だから、すべてが万能ではなく、状況に応じて専制型の色が強くなるか、合議制がメリットを持つかというのは変わってきます。

もう1つ、「権限委譲型」というものがあります。
自由放任とも違いますが、権限を任せるタイプというのは、「自分自身にはすべてができない」という、万能性がないという良い意味での開き直りというか、客観性があります。

それぞれの持ち場で優秀な人材を揃えて周りに任せるというものです。
これは理想ですし、ここまでできると会社は大きくなるのです。

専制型というのは限界があって、私の感覚では2・3億か、いっても10億いくかどうかです。

それを超えて大企業に羽ばたこうと思ったら、どうしても権限委譲が必要になるのです。
権限委譲型になると長期政権とか世代交代もしやすいです。

全部1人で抱えてしまうとリスクが高いのです。
その人のセンスが古くなったらアウトなのです。
これが老舗企業で失敗するパターンの1つです。

ということで、私の直感ですが、タモリさんは他の個性の強い方と比べて違った意味の個性があります。

自分で何でもかんでも引っ張って「俺についてこい」というタイプよりは、上手く番組を周りに任せて、それぞれの持ち場でモチベーションを高く、能力を活かせる、権限委譲型の側面が強いのかなと思っています。

私の経験から、権限委譲型が機能する条件が2つあって、1つは委譲するスタッフにある程度の能力があることです。

最初から優秀ではなくても、育てていくというパターンもありますし、そういう人を探すために人事交流をします。

本来の異業種交流会というのはこういうことに使うのです。
人事交流というのは、仕事を取りにいくだけではなくて、優秀な同業者や提携先や部下を探しにいく目的もあるのです。

突然どこかの求人誌に載せて入社させるだけではなくて、普段から意識して優秀な人材を長期スパンで招き入れます。

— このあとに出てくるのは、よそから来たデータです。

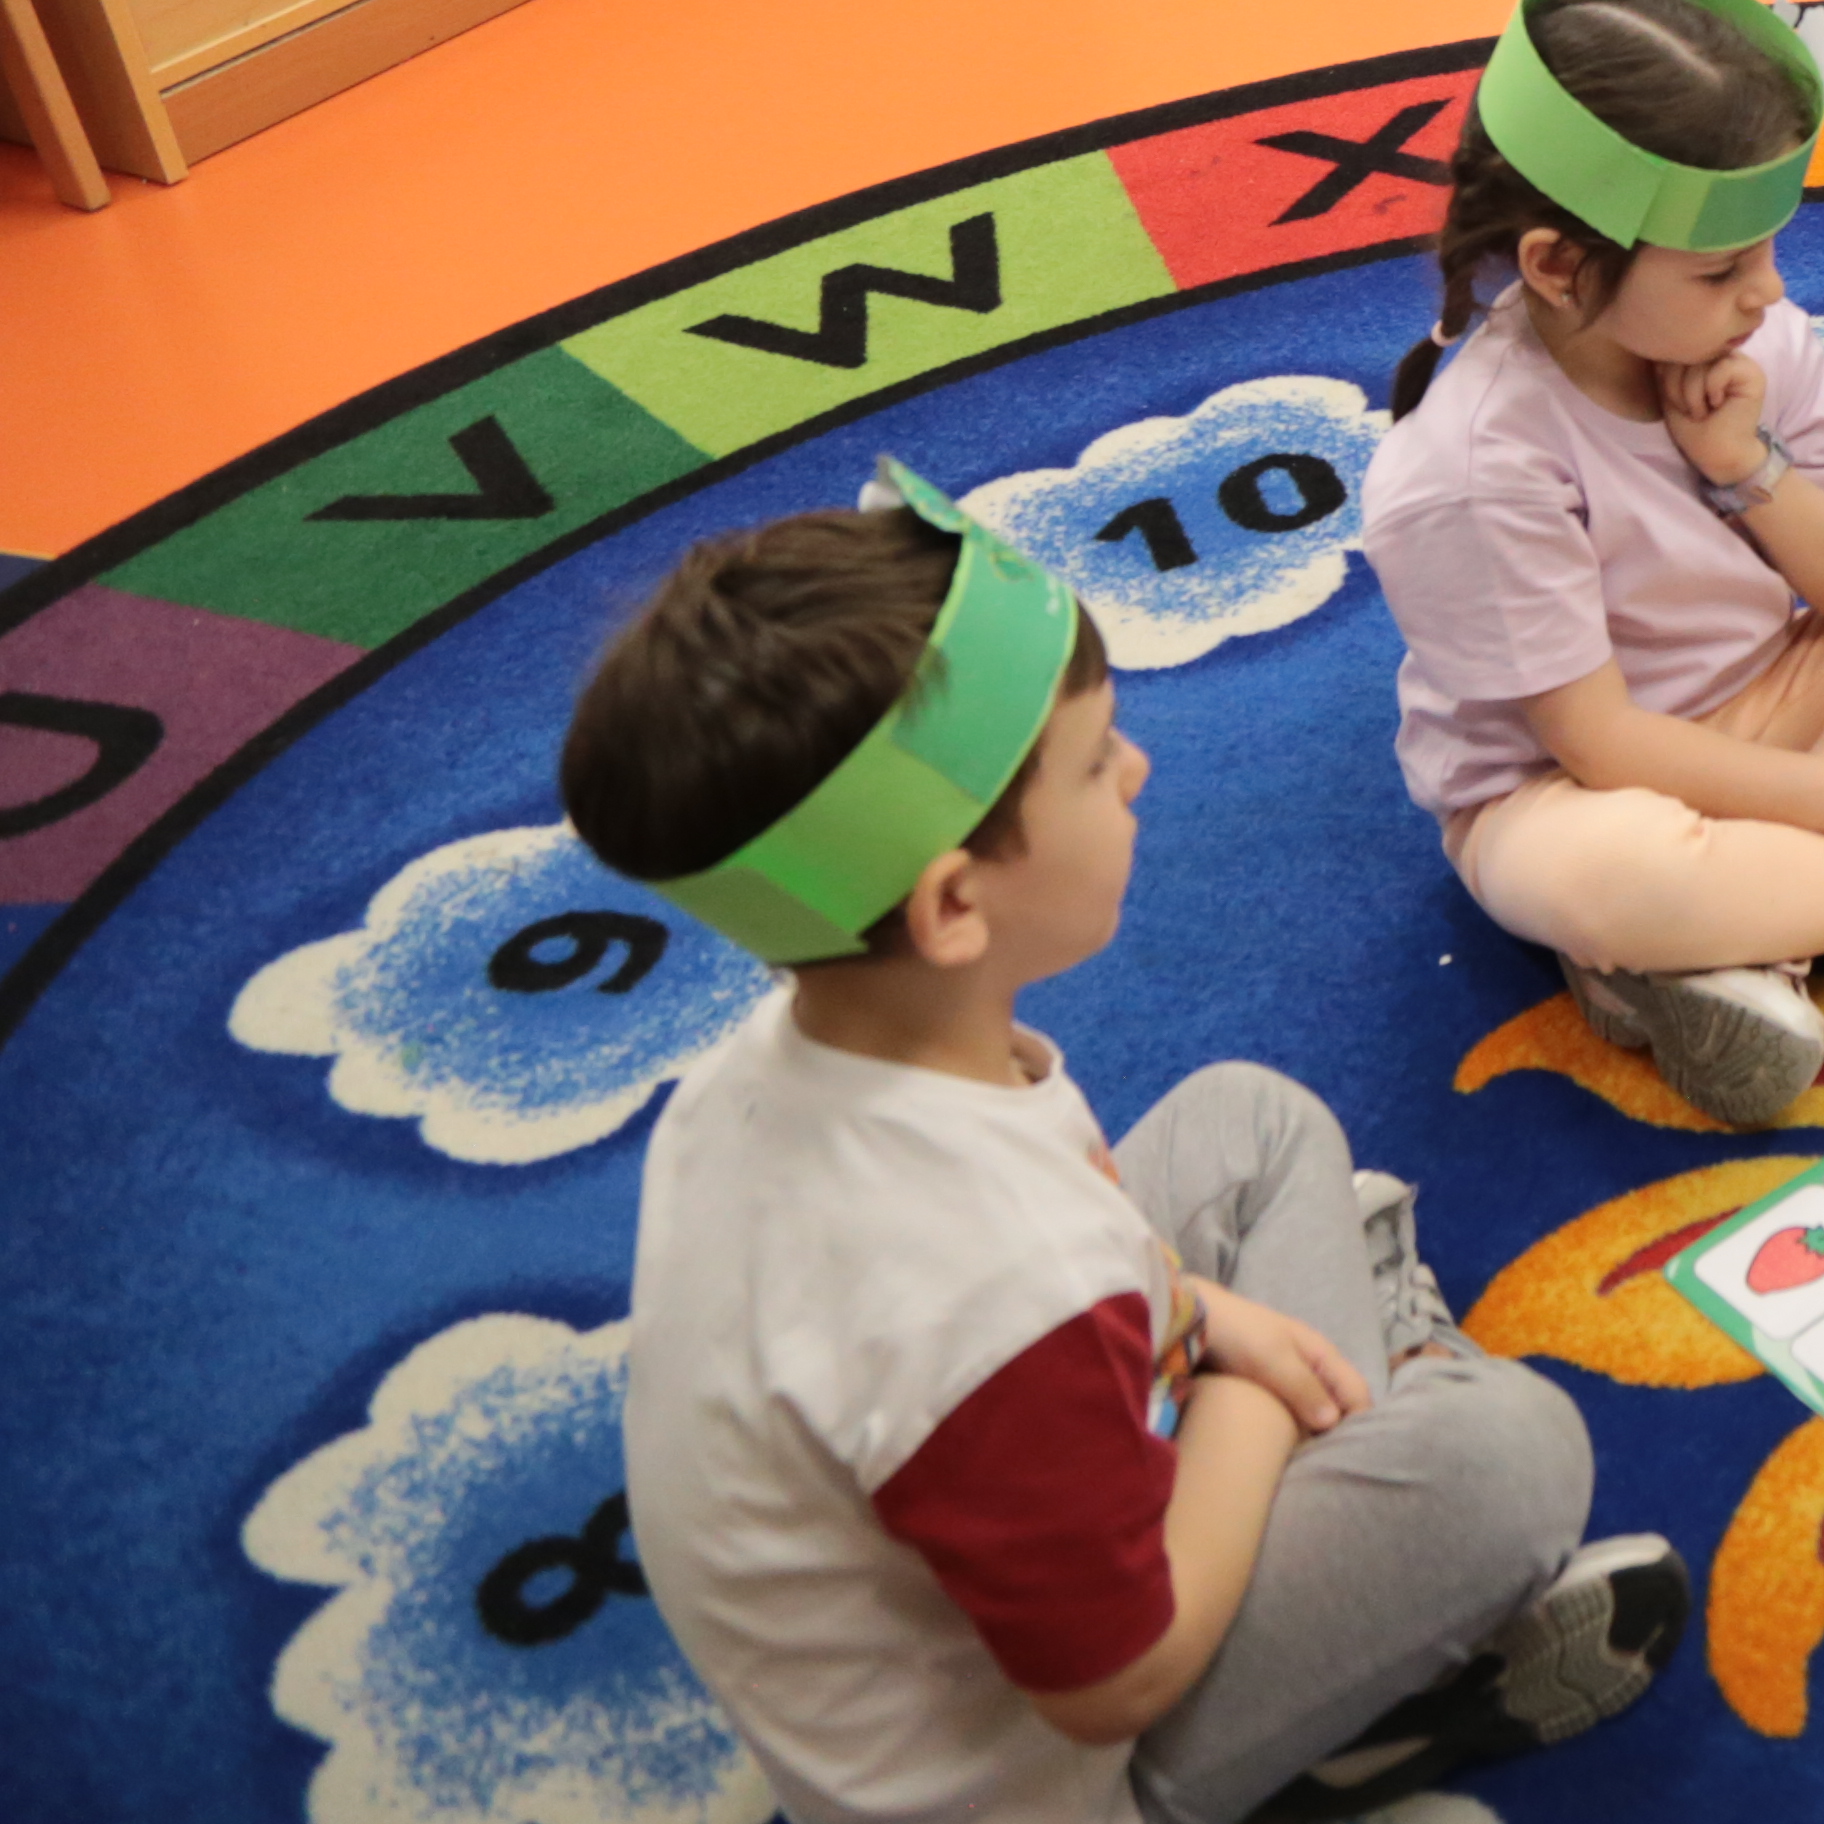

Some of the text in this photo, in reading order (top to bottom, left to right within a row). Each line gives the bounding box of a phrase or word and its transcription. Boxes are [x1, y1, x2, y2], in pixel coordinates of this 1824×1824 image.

[1253, 98, 1460, 228] X
[682, 210, 1004, 370] W
[301, 415, 556, 524] V
[1093, 450, 1349, 575] 10

そのためにも、そういった知り合いをたくさん持っておくということです。
優秀な人材を周りに置くようにして、なおかつ、彼らのモチベーションが高いということです。

優秀な人材で、なおかつモチベーションが継続的に高いという、この2つの条件がなければ委譲しても仕方ありません。
優秀ではない人に権限を委譲すると引っかき回されます。

もっとタチが悪いのは、優秀だけどモチベーションが低い人です。
そういう人に権限を委譲すると、上手く手を抜かれますし、逆に美味しいところを持って行かれます。

そのため、「優秀だけどモチベーションが低い人」と「優秀ではないけどモチベーションの高い人」のどちらを選ぶかといったら、私ならば後者を選びます。

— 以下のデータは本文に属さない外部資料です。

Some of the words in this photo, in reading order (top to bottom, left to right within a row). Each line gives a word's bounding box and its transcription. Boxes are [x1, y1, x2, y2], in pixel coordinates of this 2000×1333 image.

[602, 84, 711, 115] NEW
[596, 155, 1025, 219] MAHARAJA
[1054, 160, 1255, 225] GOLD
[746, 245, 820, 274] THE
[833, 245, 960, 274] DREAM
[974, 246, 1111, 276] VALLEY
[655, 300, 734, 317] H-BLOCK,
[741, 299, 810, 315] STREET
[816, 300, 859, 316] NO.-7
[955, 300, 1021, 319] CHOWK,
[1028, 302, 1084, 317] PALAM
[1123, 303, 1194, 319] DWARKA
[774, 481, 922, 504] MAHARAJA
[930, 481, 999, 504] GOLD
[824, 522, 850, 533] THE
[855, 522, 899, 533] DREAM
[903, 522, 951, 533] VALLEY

そして、その人のできる範囲を見定めて、その限定的に権限を委譲します。
このように、モチベーションが高いことが一番なのです。

「笑っていいとも」には2つあって、表に出る曜日ごとの出演者も裏方の制作スタッフの優秀な人材も、どちらも優秀であってモチベーションが高いというのが、プロジェクトが成功する1つのポイントです。

そして、モチベーションが高くて周りをまとめる力があるのがナンバー2です。
タモリさん自身もタレントとしてはもちろん一流だと思いますが、全部自分がやろうとすると、3年5年はいいのですが、10年20年となると時代の変化があるので、そういったものに敏感になるには1人では限界があります。

端々の細かいところで感じ取ることが必要です。
番組の場合だと「視聴率」です。
視聴率が多くなると収入が多くなるし、知名度も上がります。

普通の会社でいうとこれは「売上」にあたります。
売上を上げられるかというのは会社のポイントなので、人材が優秀かどうかというのもマーケット要因に依存するのです。

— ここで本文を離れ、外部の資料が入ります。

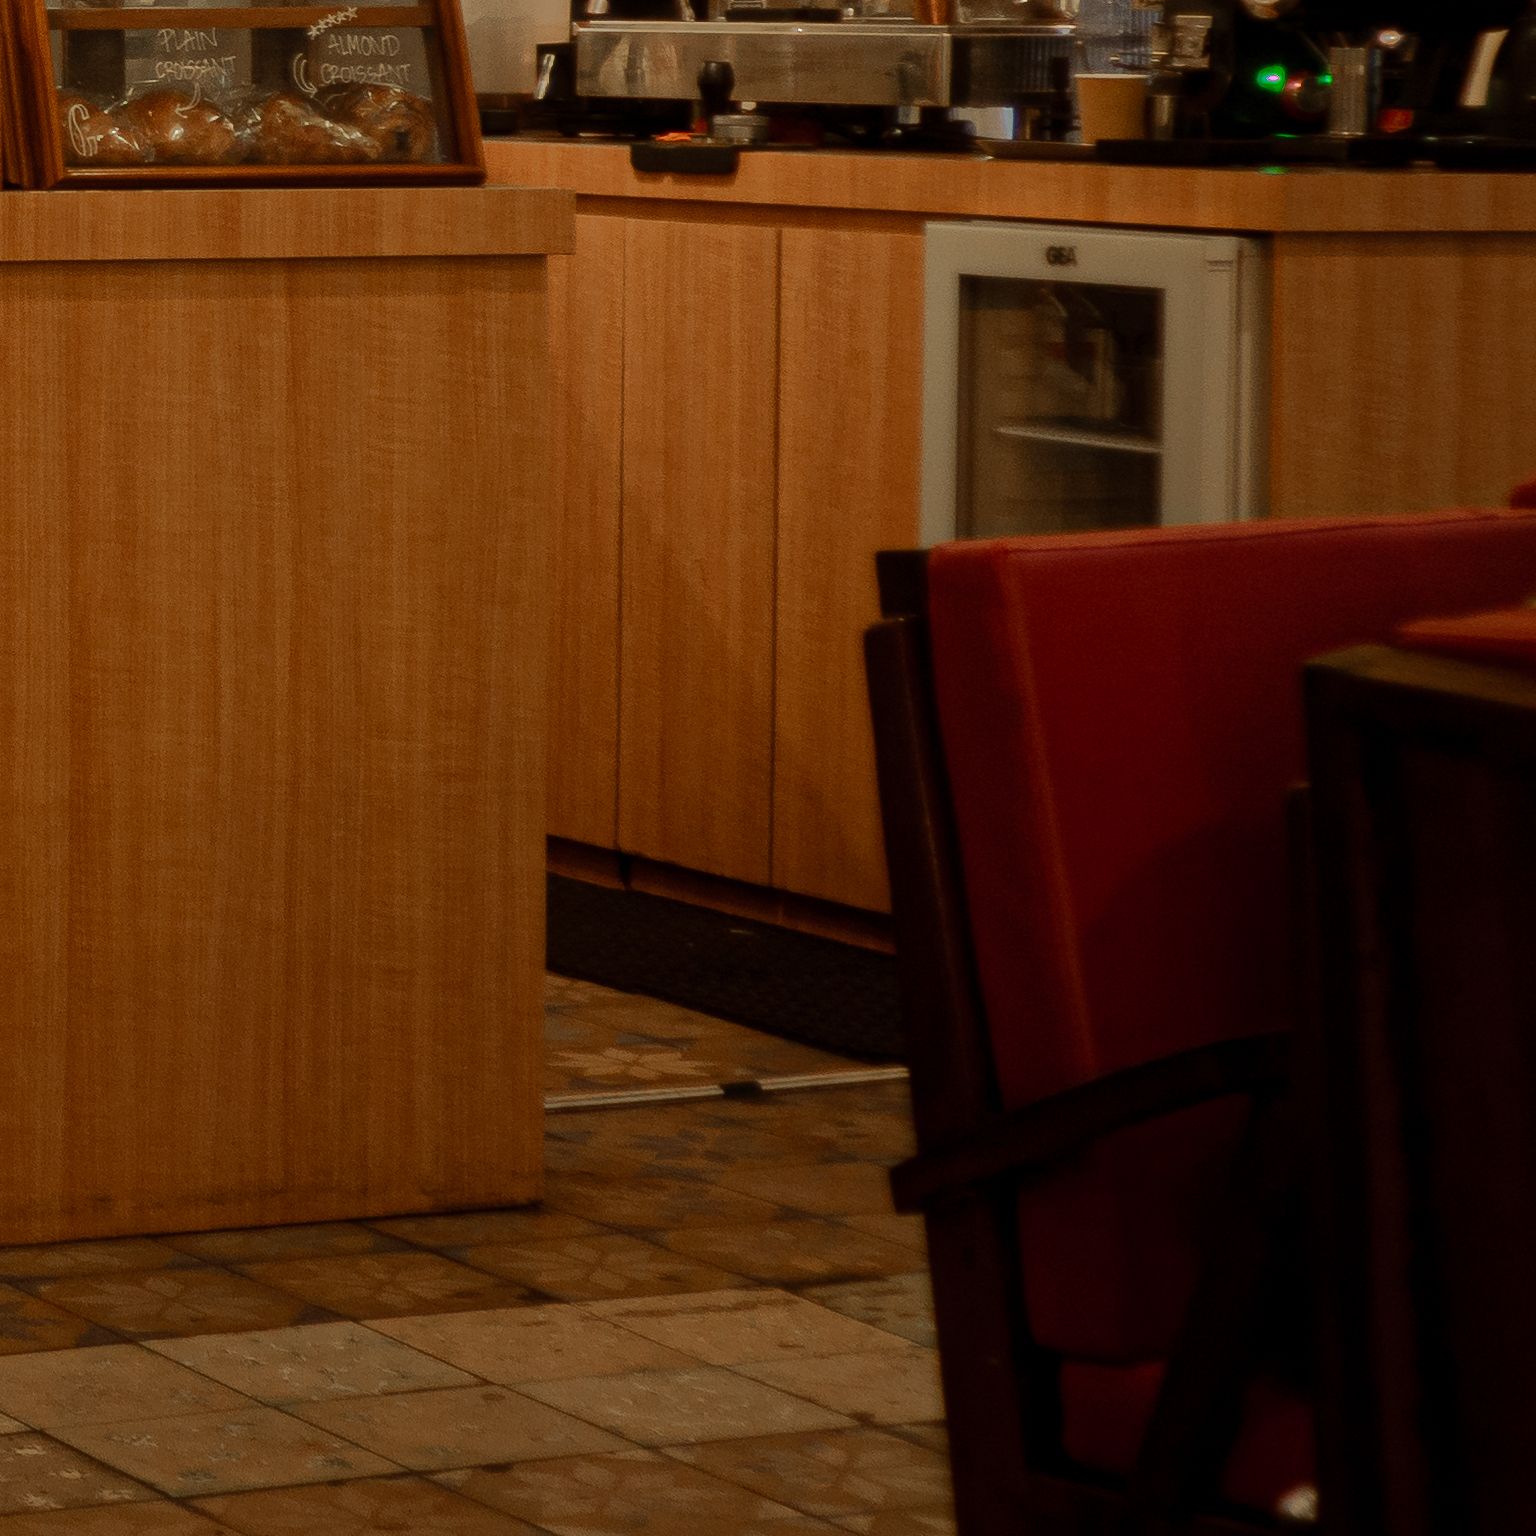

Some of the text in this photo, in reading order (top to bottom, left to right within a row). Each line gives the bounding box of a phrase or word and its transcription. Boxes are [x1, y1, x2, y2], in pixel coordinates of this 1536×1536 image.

お客様に相当するのが番組ならば、視聴者が見たいと思うものを長期的に継続して絶え間なく提供し続けるというのはすごいことです。

30年前のように、同じような価値観で同じようなものを流しておけば変化は急に来なくて怖くありませんが、今は何百種類の嗜好があるので、その中から多くの人に見てもらうというだけでもセンスが必要です。

現時点の多様性、それが時系列とともに変化していく多様性の2つがあるのですが、これらに敏感に対応しようと思ったら、タモリさん1人では限界があると思います。
タモリさんの年代の男性という1つの属性から20代女性の感覚を持つのはきついです。

世代や性別や立場の違いというのは感性を鈍らせますが、スタッフには色々な人がいると思うので、時代によって変化するものを優秀なスタッフが感じ取って、それに合わせて適切なコンテンツを出すという感覚のある人がたくさんいるはずなのです。

それに合わせて出演者も色々なネタが出せるというような、色々な意味での、表側のスタッフ、裏側のスタッフの優秀さがあります。

もう1つは、月曜から金曜にはそれぞれ企画がありますが、“品揃え”が豊富なのです。
背後に控えている埋蔵資源が豊富なので、どれを出そうかということが選べます。

つまり、豊富な商品の蓄えがあるからこそ番組が長くなったのかなという気がします。
もちろん、良いものを職人さんの良い腕で適切に出すというところまで揃ってはじめて長い間視聴率や売上が上がるのだと思います。